Chamoun was reading about a particular form of vocal and poetic expression within the Arabic oral tradition called "ritha' رثاء" (laments) which inspired the eponymous track "Sawt El-Dumouh"; "Ritha' means that you’re speaking when you're crying" elucidates Chamoun, "So I started writing. I tend to isolate myself and completely immerse myself in the topic that I’m working on. It's almost like I torture myself: I start looking into what I'm singing, what I can say, and maybe sometimes delving into my personal life doesn't mean anything to me, because something is eating us all up, so within this solo and in the one before, there’s a clear pattern where I'm between myself and agony, in order to get it all out."
As words transform into reverberating melodies of emotions, Chamoun's words transform into improvised vocal vibrations relying heavily on the throat and mouth cavities as sites of resonance. Chamoun clarifies that throughout her writing process, she likes to read the sentences aloud and sense them materialising around her; "For example in the song Shahed شاهد (witness) I decided to focus on the word "bahr بحر" (meaning sea). The plug-in helps me to multiply and unfold the word, making it splash around me." The song was inspired by a photo of a young boy from Gaza who was riding a horse in the sea, and so Chamoun engulfed herself in the concept of the sea in Gaza; "I started watching videos of people in Gaza and started asking: what does the sea mean to them? I tried to adapt my feelings, ideas and lyrics to what I was witnessing." The contemplative, hypnotic and trancey elements of "Shahed" are also manifested through rhythmic and percussive elements. Musically inspired by the Moroccan lamentations of Aytat Ali Hout deployed his percussive knowledge to unfold the different rhythms that Chamoun then layered and added her vocals to with sporadic interventions of the synth to evoke the sense of moving in water.

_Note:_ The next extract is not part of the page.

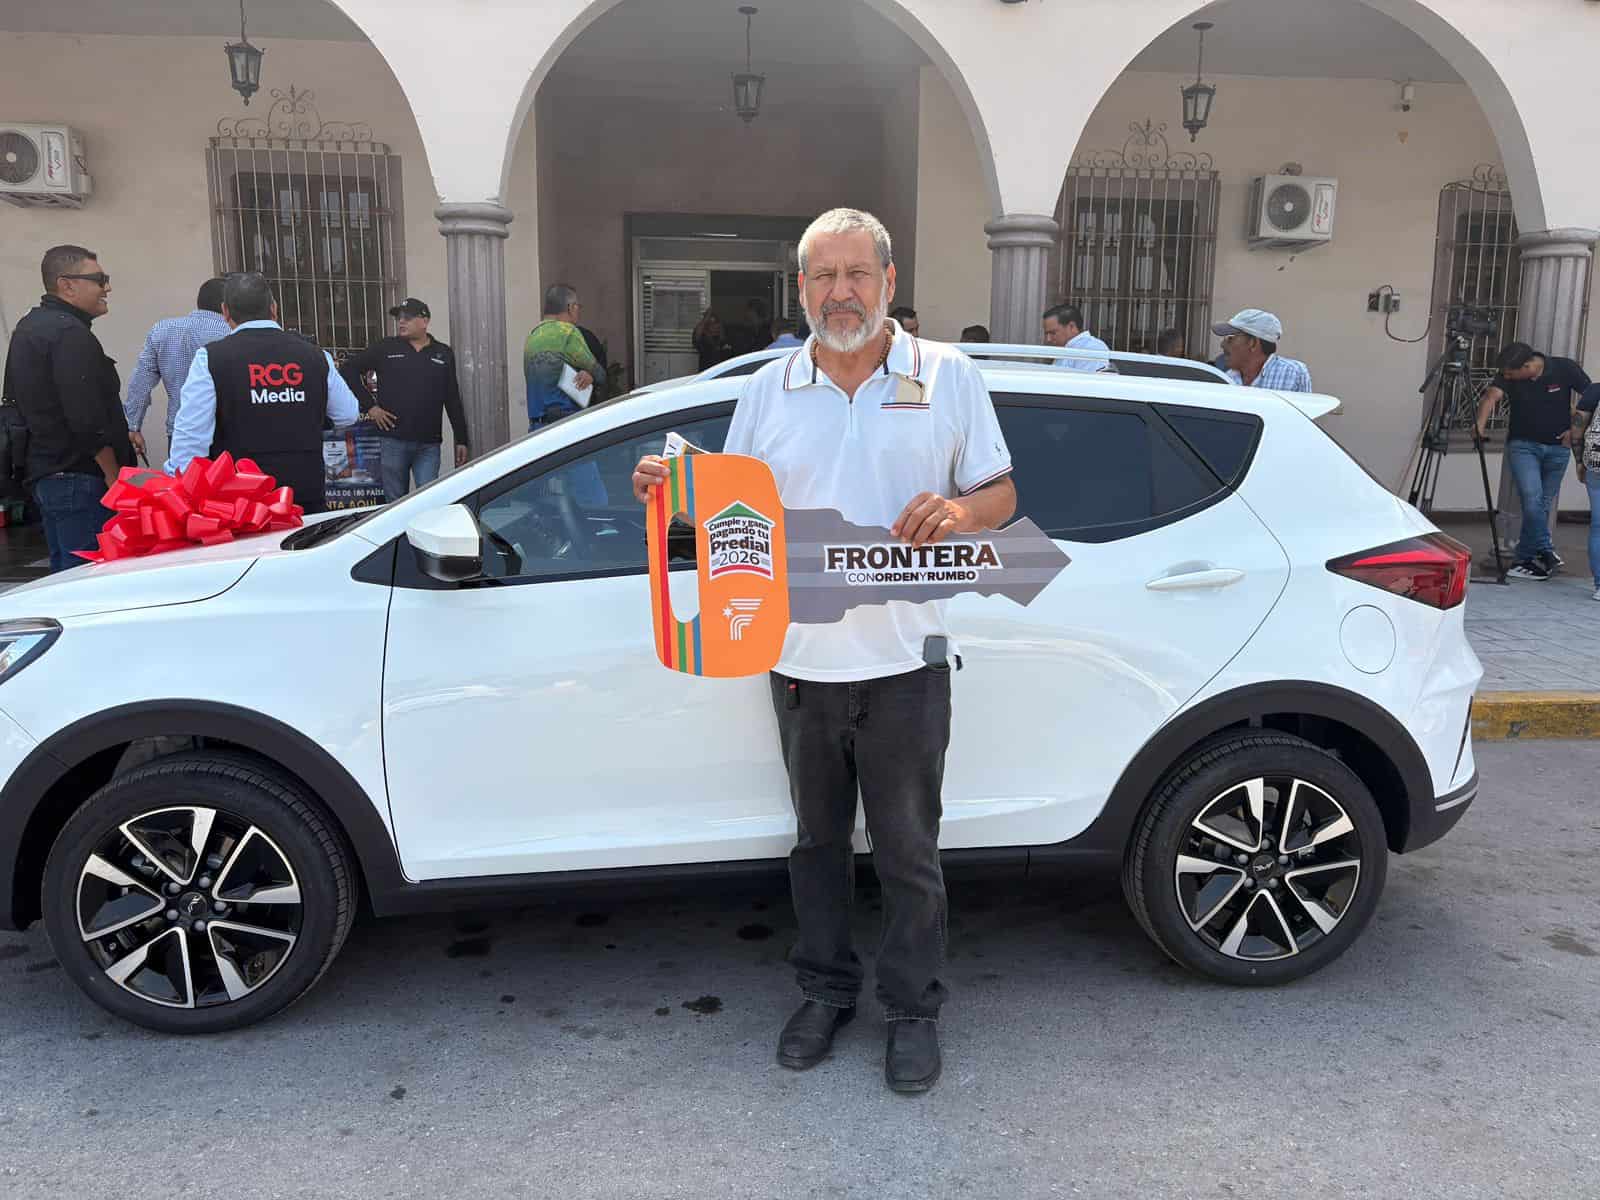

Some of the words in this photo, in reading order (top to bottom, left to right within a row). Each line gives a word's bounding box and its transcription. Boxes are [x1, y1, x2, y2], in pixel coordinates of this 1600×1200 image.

On "Ataba" which is a take on the Arabic poetic form of ataaba sometimes building on dirges, Chamoun also resorts to lengthening the voice and extending the words. Like the ebb and flow of the sea, her words fall on our eardrums and the silences in between are deliberate pauses to gain time between one draw of breath and the other. "I wanted the sonic reality of the track to swell heavily from every word. I also divided words into melodies" says Chamoun which helped her modulate her voice in novel ways.
Another innovative technique is audible on "Khaify خفي" (hidden or invisible) where Chamoun's haunting and distant voice is sustained by alternate modulations between low, mid and high notes that she selects to reveal or hide emotions and stories of our unfolding times.
On one of the other songs "Wa و", which refers to the conjunctive "and", Chamoun juggles her lyrics with rhythmic beats, but also violins to evoke the sense of movement from one place to another: "I imagined a desert, and journeying through life. I love its words: they're very innocent and not necessarily deep: as though someone is telling a little girl that she’s going from a place to another and you'll love friends and foes, and you'll love mountains and rivers and at the end you'll travel and then you'll see the people whom you have known."
Perhaps the conjunctive of the "Wa و" with the rolling synths and the pulsating percussive beats that are throbbing with life are the connective tissue that we need during these times to overcome human victory over nature.
Ghadrغدر, curated by Amirtha Kidambi, and Sawt El Doumouh صوت الدموع, commissioned by Mophradat, will be performed live at Le Guess Who? 2025 on Friday 7 November.